Using Oxley Hughes’ microplate technology for ELISA based assays protects the science and removes all of the solutions. This enables a full colour development as well as a faster rate of colour development to happen. More science is available to effect this and no residual wash solution is present to inhibit or impair the turnover of ELISA substrate. This improves assay outputs and reduces assay times.
Compare this to ELISA’s carried out in standard microplates. The science is damaged during the many handling and maintenance steps as well as residual wash solutions remaining in the wells for carry over. Both of these can affect the turnover of the ELISA substrate by both slowing the rate of colour development as well as the final signal. This impacts on the quality of the assay and outputs as variation in signals-to-baselines will be measured. Additionally, the assay times will be longer due to the slower rate of ELISA substrate turnover.
Using Oxley Hughes’ microplate technology for fluorescence based assays, by protecting the science and removing all solutions, a full fluorescent signal is measured. More science is available to effect this and no residual wash solution is present to potentially impair the fluorescent signal. Also, since these types of assays are carried out in black microplates, it is often extremely difficult to determine where the pipette tip point is located in each well.
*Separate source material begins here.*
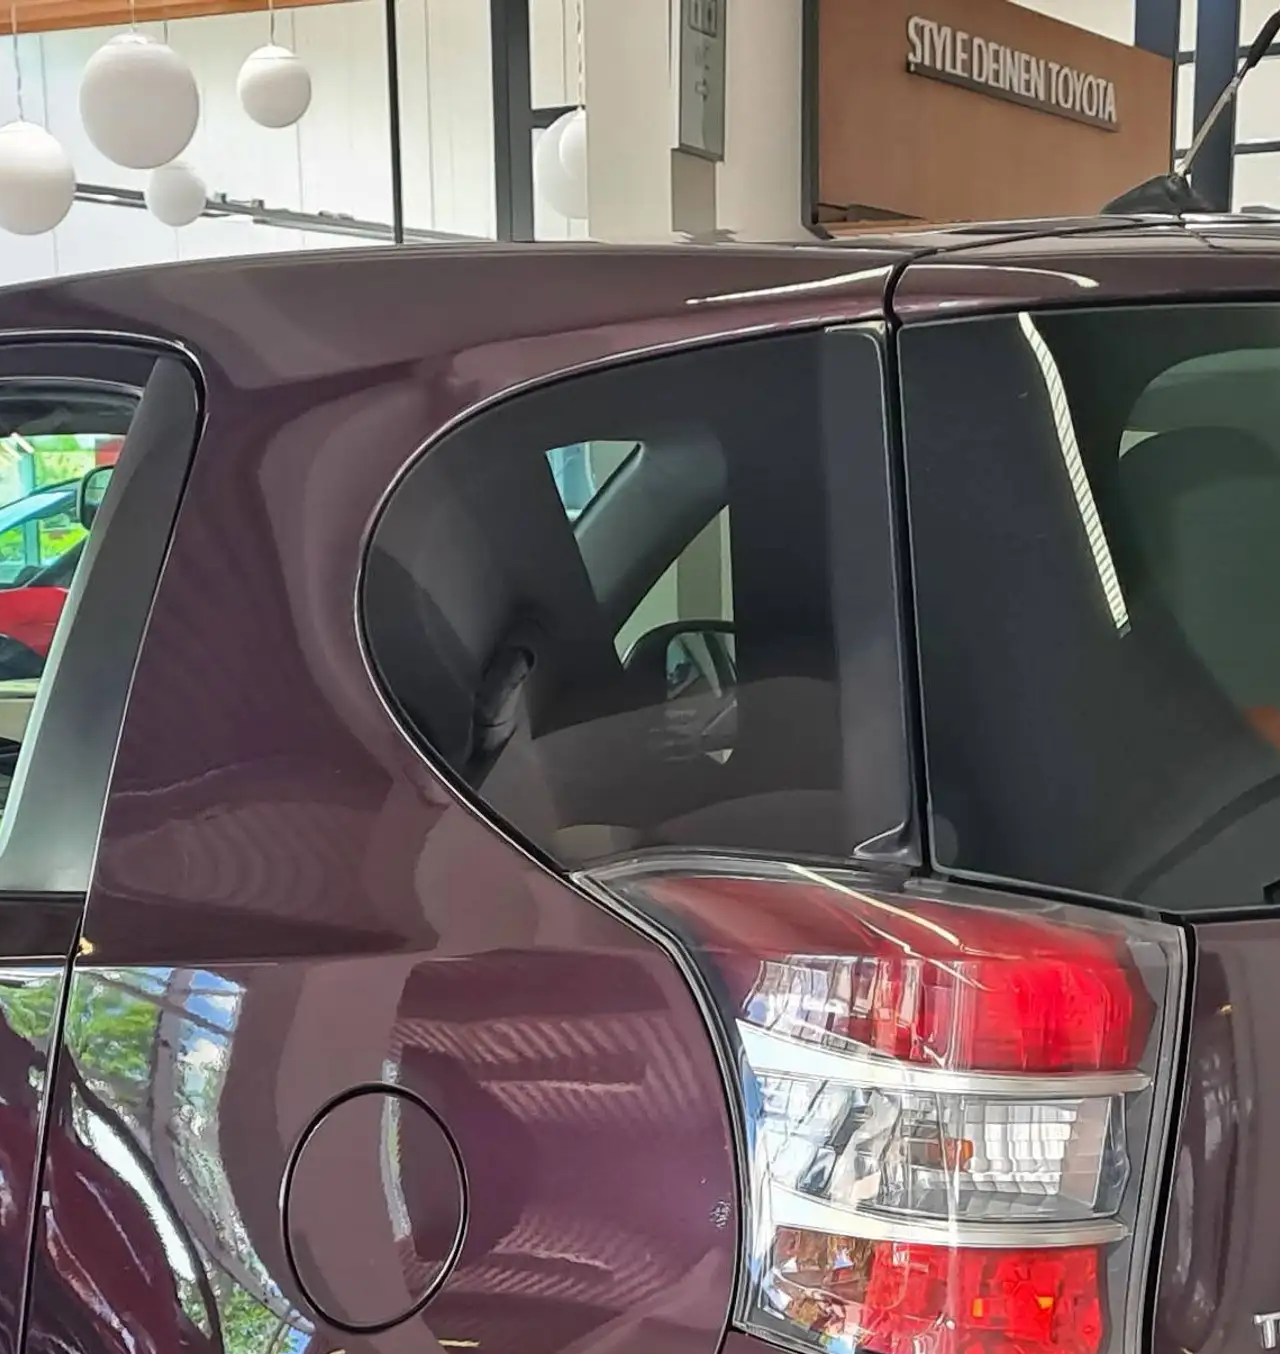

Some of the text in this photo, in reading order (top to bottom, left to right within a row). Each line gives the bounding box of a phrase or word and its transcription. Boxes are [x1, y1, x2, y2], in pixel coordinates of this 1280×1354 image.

Oxley Hughes technology ensures the pipette tip point always returns to the same place in each well even though you cannot see where it is in each well.
Compare this to fluorescence based assays carried out in standard microplates. The science is damaged during the many handling and maintenance steps as well as residual wash solutions remaining in the wells for carry over. Reversing the microplate and banging out the residual solution is the usual choice. All of these can affect the final fluorescence signal by reducing and varying the quantity of science available to generate the final fluorescent signal. This impacts on the quality of the assay and outputs as variation in signals-to-baselines will be measured.
Due to the very nature of RIA’s, control of solution exchange is extremely important. Oxley Hughes’ microplate technology lends itself particularly to this as solutions can be exchanged easily and effectively in a controlled, safe method which helps minimise the risks to the operator.